07 janvier 2015
Le rapport indique que le secteur du luxe se porte mieux que jamais en dépit des difficultés que le Vieux Continent éprouve pour sortir de la crise financière. Pendant cette période de quatre ans, les ventes de produits de luxe de tout poil ont progressé de 28 % à 547 milliards d'euros, et leur part dans le PIB européen est passée de 3 % à 4 %.
L'organisation professionnelle qui a commandité le rapport, le European Cultural and Creative Industries Alliance, ne s'inquiète pas du tassement des ventes de produits de luxe enregistré ces derniers mois en Asie, et en particulier en Chine.

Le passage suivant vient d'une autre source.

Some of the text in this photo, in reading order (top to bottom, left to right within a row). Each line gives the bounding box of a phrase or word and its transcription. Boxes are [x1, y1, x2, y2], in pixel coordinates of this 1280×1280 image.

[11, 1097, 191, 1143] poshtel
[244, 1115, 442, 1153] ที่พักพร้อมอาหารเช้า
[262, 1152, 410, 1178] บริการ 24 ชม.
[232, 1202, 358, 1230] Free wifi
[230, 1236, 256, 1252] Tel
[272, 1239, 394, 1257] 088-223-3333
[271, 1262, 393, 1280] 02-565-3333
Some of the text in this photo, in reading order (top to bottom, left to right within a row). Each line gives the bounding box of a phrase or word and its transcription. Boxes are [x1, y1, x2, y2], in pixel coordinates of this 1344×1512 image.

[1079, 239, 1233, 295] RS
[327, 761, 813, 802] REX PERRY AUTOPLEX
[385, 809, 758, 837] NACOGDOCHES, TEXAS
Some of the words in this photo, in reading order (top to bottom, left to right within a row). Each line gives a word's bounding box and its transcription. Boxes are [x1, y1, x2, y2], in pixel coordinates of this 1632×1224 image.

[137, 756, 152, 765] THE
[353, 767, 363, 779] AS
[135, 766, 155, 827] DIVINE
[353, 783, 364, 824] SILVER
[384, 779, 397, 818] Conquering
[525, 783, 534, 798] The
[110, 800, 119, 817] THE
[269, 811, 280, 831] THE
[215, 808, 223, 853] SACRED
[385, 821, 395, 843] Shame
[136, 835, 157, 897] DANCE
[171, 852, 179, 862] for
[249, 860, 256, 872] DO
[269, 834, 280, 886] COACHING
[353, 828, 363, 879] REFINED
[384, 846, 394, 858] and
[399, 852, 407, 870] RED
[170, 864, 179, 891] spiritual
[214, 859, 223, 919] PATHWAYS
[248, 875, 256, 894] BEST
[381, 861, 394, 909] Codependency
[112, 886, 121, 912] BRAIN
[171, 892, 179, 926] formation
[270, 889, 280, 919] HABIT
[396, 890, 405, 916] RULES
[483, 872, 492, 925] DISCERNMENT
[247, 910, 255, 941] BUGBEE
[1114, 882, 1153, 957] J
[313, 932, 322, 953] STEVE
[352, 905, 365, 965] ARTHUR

Michael Ward, président de l'organisation et CEO du grand magasin de luxe Harrods, explique que, depuis une campagne de répression de la corruption, les clients chinois dépensent moins en cadeaux d'affaires onéreux. Il n'en reste pas moins que le secteur continue de s'appuyer sur de solides bases.
Entre-temps, un autre rapport du cabinet de recherche et de conseils en matière de vente au détail Conlumino affirme que le Royaume-Uni se prépare à dépasser l'Italie et la France, et à devenir le premier marché du luxe européen d'ici 2018, sa part dans les ventes européennes passant de 15,8 % à 19,6 %.
Alors que les deux pays de tête sont actuellement en butte à des difficultés économiques, la Grande-Bretagne bénéficie pleinement de l'attrait de Londres tant auprès des touristes nantis qui viennent y faire leurs achats qu'auprès d'une population croissante de résidents fortunés originaires des quatre coins du globe.